Recorded data ▸
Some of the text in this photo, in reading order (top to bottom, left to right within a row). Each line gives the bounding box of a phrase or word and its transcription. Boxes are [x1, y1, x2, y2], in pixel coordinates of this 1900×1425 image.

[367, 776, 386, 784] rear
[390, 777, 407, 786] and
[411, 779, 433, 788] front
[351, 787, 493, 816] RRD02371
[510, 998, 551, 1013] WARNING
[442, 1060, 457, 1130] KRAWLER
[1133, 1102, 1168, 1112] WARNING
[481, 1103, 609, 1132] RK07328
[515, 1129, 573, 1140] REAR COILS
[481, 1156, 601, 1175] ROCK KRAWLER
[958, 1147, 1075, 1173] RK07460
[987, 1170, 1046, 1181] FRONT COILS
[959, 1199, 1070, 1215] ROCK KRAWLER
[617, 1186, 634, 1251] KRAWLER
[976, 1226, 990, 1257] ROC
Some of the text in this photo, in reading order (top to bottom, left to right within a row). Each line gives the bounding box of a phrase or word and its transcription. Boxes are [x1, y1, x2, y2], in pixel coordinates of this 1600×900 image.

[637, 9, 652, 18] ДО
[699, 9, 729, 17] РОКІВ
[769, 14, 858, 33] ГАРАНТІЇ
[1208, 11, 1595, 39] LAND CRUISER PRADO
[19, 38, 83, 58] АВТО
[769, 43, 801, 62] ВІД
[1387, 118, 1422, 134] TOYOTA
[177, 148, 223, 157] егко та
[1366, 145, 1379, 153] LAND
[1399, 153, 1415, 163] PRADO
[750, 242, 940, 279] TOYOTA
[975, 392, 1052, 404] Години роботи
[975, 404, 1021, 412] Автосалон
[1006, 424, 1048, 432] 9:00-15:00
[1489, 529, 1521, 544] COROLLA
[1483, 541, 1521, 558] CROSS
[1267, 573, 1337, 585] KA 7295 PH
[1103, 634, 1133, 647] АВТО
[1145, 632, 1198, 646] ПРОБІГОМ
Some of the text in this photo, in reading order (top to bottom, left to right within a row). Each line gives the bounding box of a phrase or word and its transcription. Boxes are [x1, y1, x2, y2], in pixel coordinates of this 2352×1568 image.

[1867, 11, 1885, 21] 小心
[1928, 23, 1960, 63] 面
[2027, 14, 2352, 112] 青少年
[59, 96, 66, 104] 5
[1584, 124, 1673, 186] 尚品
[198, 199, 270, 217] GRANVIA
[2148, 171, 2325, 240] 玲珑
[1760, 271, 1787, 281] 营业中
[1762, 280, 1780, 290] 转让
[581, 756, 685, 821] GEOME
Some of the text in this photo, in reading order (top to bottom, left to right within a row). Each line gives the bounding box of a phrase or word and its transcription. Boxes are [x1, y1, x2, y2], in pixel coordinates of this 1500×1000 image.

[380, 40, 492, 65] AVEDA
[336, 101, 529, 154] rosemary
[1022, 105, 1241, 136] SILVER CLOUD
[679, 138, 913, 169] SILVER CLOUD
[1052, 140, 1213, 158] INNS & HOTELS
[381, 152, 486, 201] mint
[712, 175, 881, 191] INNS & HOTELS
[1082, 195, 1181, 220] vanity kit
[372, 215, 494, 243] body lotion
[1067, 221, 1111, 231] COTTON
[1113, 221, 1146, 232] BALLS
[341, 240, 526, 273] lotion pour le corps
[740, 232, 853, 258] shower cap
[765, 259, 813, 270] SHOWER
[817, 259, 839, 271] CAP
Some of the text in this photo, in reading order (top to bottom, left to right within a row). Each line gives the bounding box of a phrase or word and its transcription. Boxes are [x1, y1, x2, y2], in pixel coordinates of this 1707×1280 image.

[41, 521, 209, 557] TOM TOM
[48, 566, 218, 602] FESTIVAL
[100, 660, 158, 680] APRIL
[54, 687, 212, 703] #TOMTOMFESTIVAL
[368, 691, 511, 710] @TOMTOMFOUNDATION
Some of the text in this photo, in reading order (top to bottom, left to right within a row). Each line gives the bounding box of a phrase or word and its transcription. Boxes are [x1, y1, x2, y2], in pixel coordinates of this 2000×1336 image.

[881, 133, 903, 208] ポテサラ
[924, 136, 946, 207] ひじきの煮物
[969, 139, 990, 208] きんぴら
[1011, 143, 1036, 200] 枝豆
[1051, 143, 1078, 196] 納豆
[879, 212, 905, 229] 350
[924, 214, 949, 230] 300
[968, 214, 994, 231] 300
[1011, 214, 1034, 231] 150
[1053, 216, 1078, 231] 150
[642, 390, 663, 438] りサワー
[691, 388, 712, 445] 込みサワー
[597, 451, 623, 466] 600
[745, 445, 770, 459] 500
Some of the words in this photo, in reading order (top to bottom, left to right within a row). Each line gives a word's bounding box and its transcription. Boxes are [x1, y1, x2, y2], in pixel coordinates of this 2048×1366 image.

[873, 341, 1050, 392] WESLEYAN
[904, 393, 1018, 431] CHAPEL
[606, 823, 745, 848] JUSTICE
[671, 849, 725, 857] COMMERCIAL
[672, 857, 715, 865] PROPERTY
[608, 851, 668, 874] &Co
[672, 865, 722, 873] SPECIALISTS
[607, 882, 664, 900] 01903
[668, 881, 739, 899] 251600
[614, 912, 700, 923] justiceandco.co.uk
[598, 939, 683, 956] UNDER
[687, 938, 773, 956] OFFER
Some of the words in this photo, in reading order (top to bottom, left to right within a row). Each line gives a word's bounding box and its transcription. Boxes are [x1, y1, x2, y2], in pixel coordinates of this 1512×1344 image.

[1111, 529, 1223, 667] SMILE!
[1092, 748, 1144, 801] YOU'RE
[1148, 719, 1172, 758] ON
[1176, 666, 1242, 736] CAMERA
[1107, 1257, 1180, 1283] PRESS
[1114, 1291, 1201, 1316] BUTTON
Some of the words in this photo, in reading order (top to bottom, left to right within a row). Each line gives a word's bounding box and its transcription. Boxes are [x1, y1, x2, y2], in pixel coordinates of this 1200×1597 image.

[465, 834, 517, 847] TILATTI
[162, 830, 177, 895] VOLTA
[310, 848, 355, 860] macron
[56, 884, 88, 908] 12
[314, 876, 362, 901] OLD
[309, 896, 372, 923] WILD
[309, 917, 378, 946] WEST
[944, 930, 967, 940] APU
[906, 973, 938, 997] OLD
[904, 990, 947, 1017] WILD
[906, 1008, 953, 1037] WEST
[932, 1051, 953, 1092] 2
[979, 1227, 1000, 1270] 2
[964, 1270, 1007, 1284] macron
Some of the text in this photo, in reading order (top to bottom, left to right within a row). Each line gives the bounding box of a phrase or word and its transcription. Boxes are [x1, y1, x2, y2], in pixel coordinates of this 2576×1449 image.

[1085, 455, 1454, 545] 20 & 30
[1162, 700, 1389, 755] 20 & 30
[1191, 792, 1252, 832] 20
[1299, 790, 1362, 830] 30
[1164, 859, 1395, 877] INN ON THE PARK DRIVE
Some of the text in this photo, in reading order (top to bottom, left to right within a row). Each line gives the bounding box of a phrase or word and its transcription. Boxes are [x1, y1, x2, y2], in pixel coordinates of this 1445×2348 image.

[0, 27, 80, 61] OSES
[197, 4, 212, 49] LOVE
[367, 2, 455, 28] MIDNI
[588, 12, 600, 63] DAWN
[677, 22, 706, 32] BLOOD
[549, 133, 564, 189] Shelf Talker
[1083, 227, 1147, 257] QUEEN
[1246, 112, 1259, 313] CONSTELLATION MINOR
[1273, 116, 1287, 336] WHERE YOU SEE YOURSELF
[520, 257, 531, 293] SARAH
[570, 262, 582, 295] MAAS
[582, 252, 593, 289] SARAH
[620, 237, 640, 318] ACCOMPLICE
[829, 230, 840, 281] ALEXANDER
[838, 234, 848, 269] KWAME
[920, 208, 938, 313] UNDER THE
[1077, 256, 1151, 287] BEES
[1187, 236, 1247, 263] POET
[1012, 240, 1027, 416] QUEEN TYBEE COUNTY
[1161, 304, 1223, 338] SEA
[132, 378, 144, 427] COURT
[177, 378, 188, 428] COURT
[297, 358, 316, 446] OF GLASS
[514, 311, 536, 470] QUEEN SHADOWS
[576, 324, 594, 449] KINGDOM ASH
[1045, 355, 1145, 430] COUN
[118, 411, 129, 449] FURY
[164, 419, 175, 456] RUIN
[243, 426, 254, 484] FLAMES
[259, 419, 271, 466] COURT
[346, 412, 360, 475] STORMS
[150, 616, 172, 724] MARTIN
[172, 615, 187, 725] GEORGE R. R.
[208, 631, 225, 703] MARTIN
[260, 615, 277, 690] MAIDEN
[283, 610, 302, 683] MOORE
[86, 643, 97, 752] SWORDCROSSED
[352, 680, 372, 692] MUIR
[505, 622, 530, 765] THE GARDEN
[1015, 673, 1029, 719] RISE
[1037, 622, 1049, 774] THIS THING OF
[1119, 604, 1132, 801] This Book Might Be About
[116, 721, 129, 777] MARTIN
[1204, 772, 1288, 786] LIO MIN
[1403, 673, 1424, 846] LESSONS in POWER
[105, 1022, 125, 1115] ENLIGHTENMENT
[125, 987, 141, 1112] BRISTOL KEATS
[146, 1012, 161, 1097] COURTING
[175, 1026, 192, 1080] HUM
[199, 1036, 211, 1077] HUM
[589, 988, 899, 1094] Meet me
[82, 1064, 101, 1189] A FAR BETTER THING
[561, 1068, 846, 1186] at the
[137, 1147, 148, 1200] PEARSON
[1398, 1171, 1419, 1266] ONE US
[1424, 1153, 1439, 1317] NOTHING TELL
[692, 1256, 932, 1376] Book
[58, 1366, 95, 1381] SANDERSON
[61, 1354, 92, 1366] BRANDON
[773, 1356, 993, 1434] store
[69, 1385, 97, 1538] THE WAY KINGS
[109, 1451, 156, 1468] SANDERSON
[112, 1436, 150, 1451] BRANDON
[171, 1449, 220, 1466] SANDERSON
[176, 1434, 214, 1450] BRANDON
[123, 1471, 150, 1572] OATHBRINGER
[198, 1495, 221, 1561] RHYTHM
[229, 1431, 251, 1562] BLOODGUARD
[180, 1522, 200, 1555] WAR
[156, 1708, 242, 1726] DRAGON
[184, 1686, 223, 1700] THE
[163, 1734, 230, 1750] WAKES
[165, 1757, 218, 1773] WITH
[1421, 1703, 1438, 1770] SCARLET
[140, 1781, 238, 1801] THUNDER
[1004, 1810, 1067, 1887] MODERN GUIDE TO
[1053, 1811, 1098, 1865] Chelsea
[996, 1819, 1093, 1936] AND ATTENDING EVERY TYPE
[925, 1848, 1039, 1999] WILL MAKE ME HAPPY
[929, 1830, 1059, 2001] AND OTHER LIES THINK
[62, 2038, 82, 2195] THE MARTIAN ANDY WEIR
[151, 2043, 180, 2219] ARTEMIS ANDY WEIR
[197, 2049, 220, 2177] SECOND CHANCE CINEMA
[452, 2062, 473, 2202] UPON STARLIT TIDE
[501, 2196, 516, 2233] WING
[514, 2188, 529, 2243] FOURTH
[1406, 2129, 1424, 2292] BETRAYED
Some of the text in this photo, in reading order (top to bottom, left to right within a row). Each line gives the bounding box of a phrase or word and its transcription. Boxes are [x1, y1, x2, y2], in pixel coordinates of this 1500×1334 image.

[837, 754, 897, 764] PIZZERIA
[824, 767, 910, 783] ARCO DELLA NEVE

Requirement ▸ From the line containing "this 1500×1334 image." to the final line of the entries, print every line exactly and nothing else.

Response to the task ▸
Some of the text in this photo, in reading order (top to bottom, left to right within a row). Each line gives the bounding box of a phrase or word and its transcription. Boxes are [x1, y1, x2, y2], in pixel coordinates of this 1500×1334 image.

[837, 754, 897, 764] PIZZERIA
[824, 767, 910, 783] ARCO DELLA NEVE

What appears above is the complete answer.